▶ _Problem requirements_
Exact copy without images: repeat every entry as written.

* * *

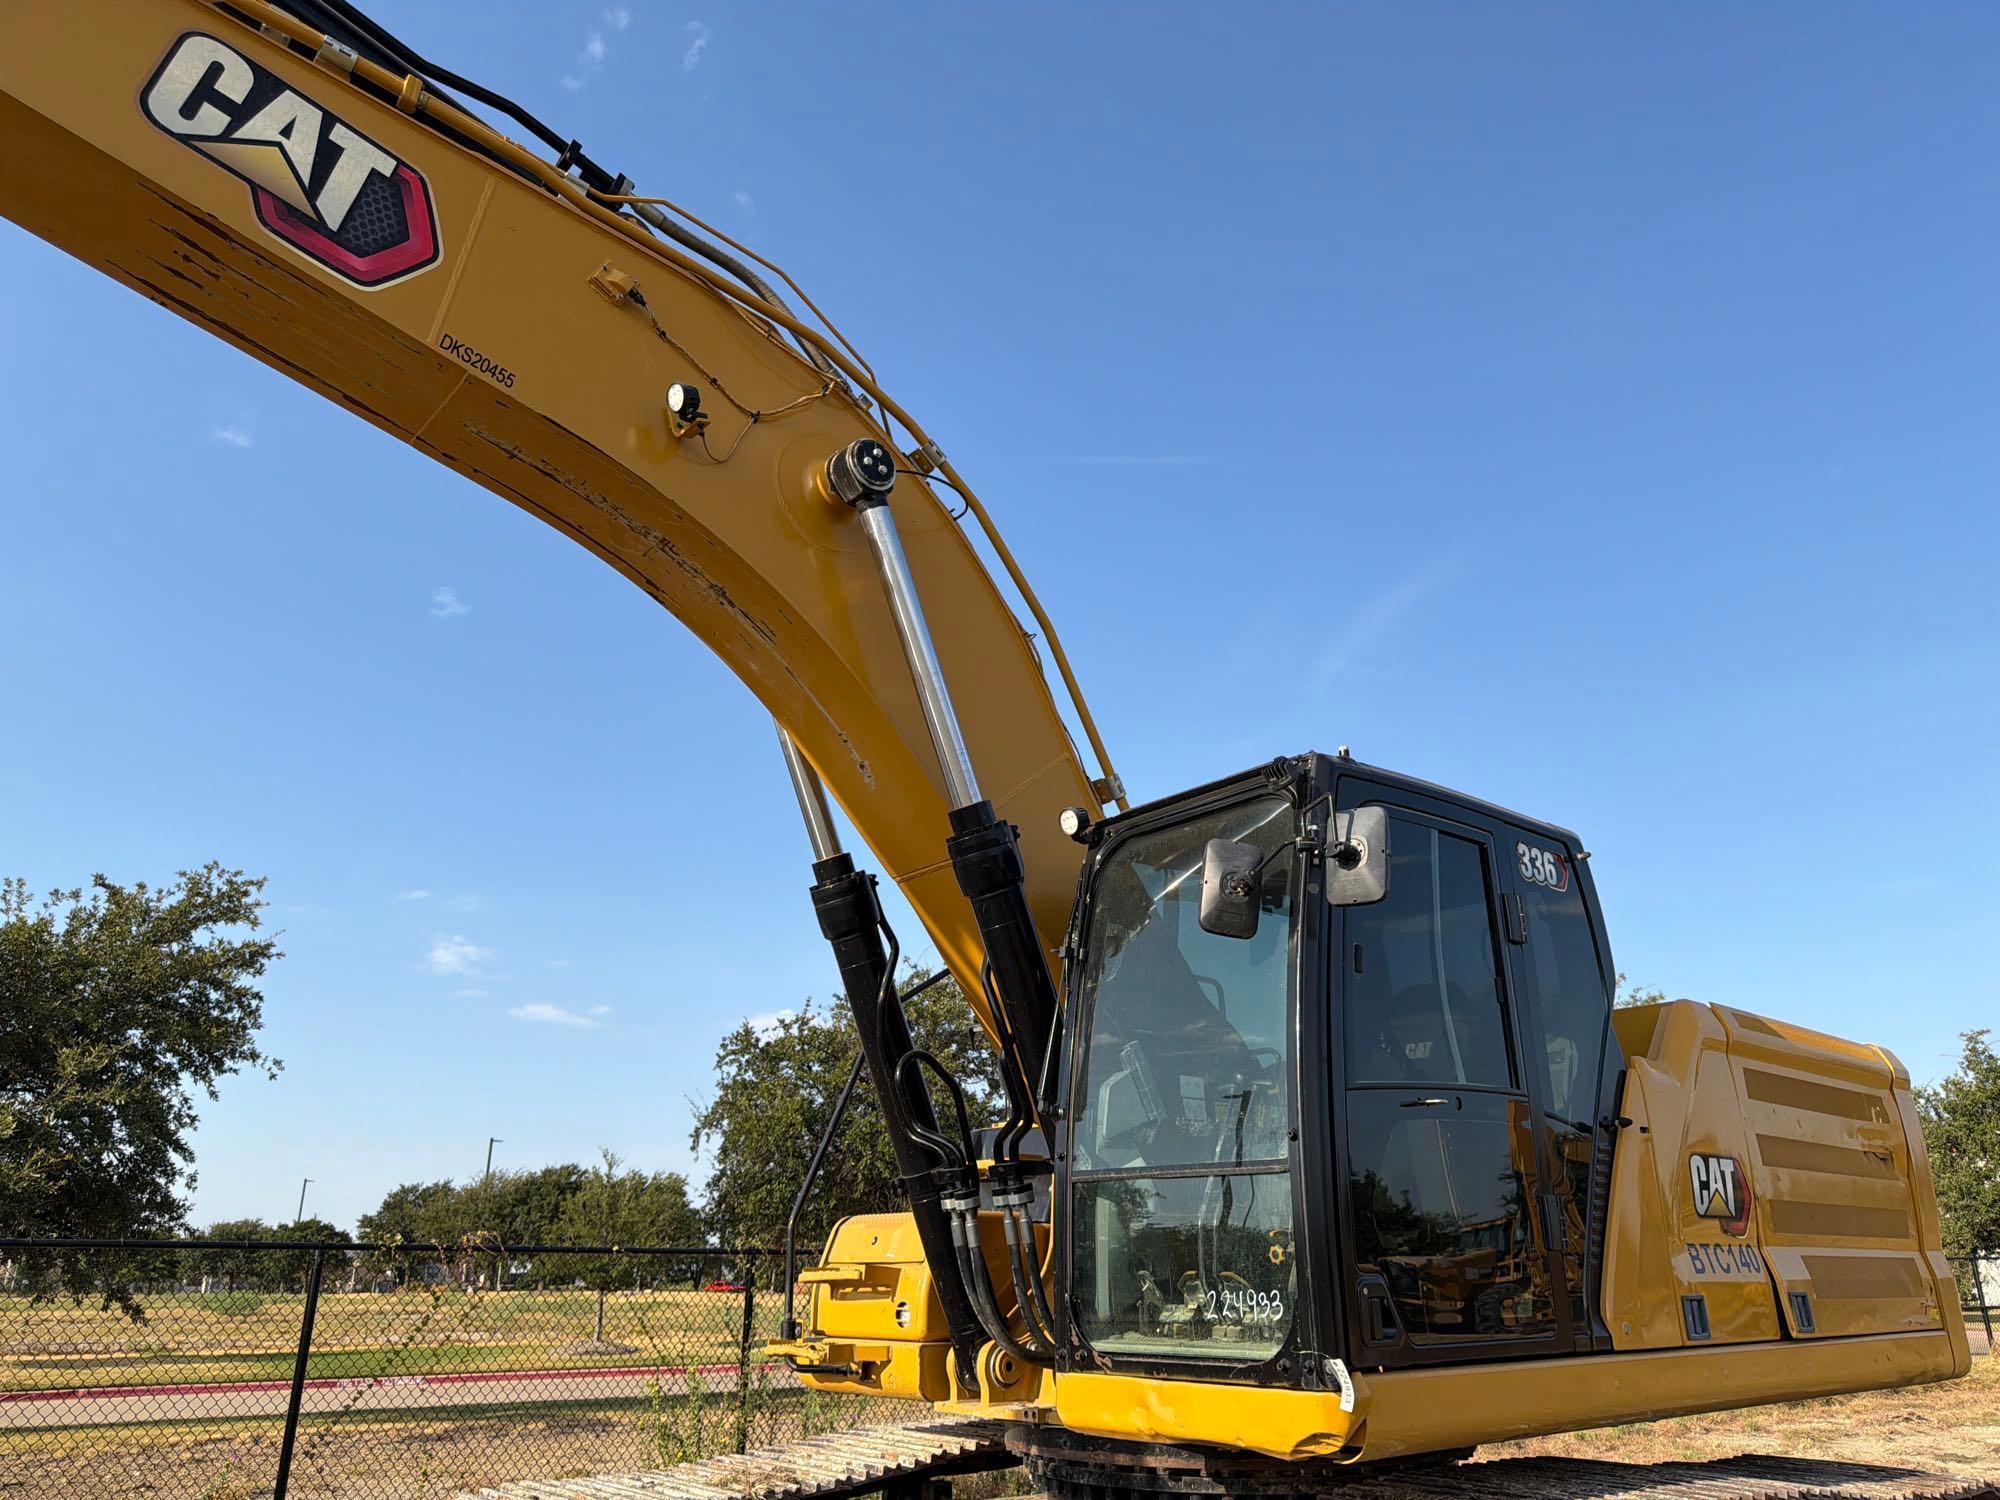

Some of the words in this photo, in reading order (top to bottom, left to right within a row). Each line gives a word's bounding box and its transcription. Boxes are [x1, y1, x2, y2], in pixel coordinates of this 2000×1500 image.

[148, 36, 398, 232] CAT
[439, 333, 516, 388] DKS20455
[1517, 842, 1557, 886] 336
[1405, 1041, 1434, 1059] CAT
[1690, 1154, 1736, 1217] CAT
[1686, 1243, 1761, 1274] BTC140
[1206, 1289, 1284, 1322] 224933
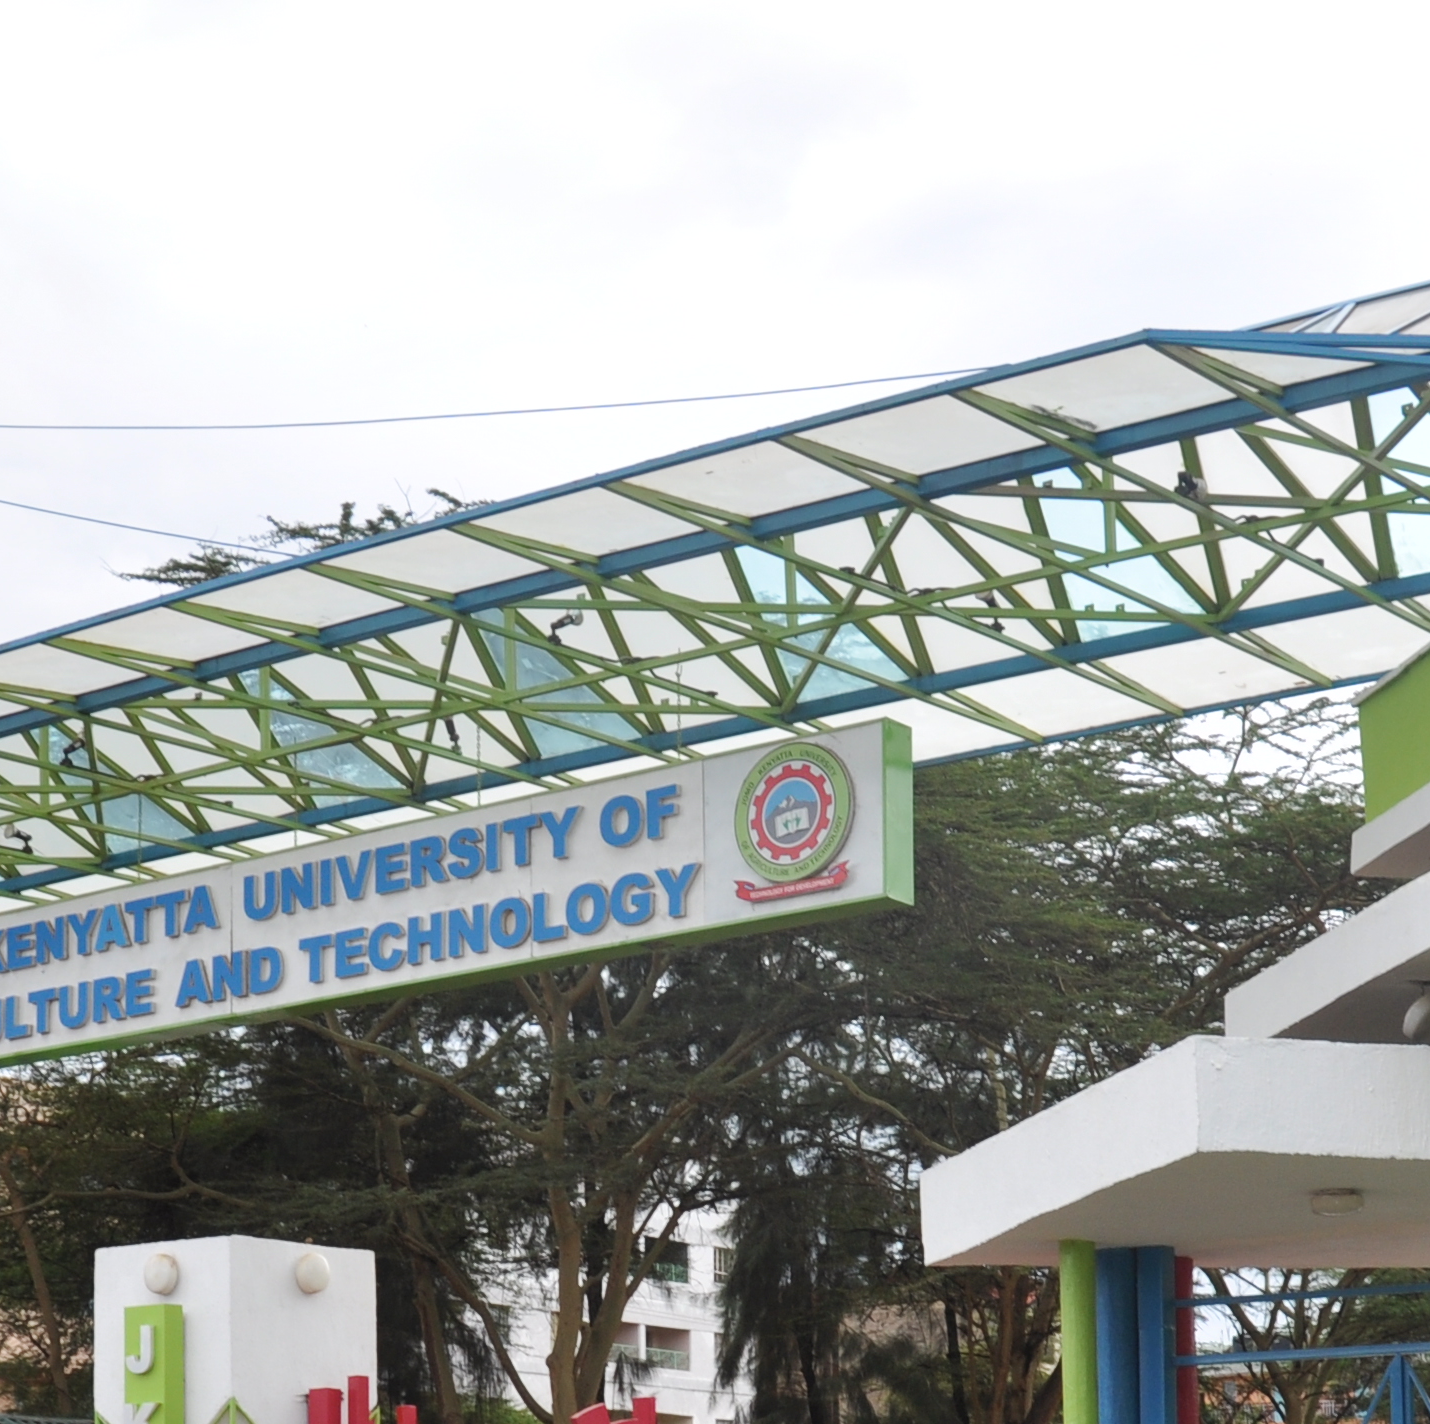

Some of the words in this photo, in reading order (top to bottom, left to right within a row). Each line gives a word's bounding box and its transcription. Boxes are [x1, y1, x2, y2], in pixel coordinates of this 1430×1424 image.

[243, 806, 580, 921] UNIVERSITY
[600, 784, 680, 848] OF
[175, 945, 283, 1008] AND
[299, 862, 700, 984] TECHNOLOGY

* * *

▶ _Final answer_
Some of the words in this photo, in reading order (top to bottom, left to right within a row). Each line gives a word's bounding box and its transcription. Boxes are [x1, y1, x2, y2], in pixel coordinates of this 2000×1500 image.

[148, 36, 398, 232] CAT
[439, 333, 516, 388] DKS20455
[1517, 842, 1557, 886] 336
[1405, 1041, 1434, 1059] CAT
[1690, 1154, 1736, 1217] CAT
[1686, 1243, 1761, 1274] BTC140
[1206, 1289, 1284, 1322] 224933

Some of the words in this photo, in reading order (top to bottom, left to right within a row). Each line gives a word's bounding box and its transcription. Boxes are [x1, y1, x2, y2], in pixel coordinates of this 1430×1424 image.

[243, 806, 580, 921] UNIVERSITY
[600, 784, 680, 848] OF
[175, 945, 283, 1008] AND
[299, 862, 700, 984] TECHNOLOGY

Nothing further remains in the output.